> [REQUIREMENT] Each line from the one holding "this 1662×1247 image." to the last line below must be written out exactly, with no other output.

[Saved entries]

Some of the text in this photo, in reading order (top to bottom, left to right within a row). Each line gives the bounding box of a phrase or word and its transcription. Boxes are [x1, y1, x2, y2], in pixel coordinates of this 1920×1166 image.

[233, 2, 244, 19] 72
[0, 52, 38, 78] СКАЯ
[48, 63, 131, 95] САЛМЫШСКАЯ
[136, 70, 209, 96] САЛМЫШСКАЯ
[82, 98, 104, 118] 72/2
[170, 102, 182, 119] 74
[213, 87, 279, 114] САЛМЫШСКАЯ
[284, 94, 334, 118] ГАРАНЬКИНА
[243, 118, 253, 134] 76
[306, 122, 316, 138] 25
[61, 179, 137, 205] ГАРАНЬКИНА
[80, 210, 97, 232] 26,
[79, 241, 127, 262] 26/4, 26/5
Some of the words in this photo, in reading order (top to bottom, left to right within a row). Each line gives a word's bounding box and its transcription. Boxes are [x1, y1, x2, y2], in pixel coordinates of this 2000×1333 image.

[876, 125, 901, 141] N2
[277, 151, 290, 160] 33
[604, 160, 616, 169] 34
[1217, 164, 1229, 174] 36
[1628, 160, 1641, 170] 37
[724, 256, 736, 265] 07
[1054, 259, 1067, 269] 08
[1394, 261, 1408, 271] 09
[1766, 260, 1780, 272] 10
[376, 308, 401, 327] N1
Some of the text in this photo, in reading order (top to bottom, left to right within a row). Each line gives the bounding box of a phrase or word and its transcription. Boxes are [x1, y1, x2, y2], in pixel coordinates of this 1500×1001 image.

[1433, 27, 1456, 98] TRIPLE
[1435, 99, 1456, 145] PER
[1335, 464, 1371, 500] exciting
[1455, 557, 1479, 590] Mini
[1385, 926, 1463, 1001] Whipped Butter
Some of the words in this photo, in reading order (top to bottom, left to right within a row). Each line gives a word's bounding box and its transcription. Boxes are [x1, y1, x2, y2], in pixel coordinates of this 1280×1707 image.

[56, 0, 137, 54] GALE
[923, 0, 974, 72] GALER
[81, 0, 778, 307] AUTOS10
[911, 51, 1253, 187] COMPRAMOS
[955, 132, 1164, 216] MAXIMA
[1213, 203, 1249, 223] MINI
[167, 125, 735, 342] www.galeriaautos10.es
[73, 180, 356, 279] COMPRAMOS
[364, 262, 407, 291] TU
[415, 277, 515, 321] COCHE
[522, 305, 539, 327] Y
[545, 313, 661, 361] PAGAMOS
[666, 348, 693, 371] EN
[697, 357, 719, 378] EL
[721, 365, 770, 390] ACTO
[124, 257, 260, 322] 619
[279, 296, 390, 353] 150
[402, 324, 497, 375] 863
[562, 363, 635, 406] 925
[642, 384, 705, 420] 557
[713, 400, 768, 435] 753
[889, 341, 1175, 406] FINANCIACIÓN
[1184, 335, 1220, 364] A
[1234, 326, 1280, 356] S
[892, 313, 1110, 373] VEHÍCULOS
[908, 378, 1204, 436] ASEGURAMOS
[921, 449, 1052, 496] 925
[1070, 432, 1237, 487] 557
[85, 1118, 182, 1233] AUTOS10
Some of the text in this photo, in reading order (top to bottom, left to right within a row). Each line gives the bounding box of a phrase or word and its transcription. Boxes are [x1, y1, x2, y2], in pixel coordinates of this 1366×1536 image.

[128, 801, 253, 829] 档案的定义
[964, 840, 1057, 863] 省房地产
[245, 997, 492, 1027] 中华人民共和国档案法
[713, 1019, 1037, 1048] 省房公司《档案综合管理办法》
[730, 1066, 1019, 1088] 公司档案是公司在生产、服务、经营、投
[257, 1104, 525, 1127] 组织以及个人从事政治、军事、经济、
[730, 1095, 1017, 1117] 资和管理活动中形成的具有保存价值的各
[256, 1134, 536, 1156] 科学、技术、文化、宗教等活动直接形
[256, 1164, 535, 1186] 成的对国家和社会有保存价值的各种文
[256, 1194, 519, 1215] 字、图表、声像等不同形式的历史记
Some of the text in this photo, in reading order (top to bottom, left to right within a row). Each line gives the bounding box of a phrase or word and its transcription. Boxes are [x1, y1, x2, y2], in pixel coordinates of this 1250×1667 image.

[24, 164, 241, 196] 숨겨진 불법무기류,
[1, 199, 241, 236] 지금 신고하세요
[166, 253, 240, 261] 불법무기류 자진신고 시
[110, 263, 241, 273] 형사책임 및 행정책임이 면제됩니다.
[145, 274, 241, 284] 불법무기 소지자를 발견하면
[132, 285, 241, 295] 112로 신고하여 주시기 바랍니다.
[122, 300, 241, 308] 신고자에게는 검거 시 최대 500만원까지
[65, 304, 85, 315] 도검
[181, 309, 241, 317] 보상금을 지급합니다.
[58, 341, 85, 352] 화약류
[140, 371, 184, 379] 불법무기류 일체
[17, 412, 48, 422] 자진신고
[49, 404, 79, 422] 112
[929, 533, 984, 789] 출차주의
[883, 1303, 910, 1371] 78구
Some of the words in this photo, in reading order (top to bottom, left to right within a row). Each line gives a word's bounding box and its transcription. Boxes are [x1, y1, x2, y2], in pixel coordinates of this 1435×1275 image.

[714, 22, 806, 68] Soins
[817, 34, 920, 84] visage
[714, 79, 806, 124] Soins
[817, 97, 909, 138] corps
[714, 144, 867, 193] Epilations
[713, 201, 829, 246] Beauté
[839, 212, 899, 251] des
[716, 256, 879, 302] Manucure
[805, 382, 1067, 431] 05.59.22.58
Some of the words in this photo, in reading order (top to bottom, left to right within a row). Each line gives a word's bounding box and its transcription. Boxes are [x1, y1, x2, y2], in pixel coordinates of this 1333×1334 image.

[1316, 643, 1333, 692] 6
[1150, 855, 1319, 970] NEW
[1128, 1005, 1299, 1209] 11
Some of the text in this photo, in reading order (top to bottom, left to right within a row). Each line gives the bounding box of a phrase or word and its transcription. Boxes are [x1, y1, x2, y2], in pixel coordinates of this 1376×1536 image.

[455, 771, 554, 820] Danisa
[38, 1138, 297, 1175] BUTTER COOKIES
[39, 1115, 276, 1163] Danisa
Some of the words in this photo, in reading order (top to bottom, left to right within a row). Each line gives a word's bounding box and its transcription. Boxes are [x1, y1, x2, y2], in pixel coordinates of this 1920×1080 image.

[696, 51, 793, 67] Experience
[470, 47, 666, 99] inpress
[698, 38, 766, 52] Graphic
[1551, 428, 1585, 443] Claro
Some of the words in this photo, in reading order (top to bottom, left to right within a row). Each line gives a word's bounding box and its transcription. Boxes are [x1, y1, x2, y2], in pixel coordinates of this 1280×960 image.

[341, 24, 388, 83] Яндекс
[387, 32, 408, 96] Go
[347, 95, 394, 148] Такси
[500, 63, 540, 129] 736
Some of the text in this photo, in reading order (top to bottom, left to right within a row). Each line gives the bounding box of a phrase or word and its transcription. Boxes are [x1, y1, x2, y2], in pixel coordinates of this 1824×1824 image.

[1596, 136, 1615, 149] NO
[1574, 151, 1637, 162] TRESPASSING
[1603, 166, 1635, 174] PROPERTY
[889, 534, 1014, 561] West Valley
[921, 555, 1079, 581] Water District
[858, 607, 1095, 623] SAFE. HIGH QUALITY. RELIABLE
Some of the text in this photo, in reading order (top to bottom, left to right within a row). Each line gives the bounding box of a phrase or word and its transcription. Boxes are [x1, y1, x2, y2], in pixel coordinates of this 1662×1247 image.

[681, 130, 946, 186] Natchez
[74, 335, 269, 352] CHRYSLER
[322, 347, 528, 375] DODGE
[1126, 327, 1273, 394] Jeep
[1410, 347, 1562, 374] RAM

> [SOLUTION]
Some of the text in this photo, in reading order (top to bottom, left to right within a row). Each line gives the bounding box of a phrase or word and its transcription. Boxes are [x1, y1, x2, y2], in pixel coordinates of this 1662×1247 image.

[681, 130, 946, 186] Natchez
[74, 335, 269, 352] CHRYSLER
[322, 347, 528, 375] DODGE
[1126, 327, 1273, 394] Jeep
[1410, 347, 1562, 374] RAM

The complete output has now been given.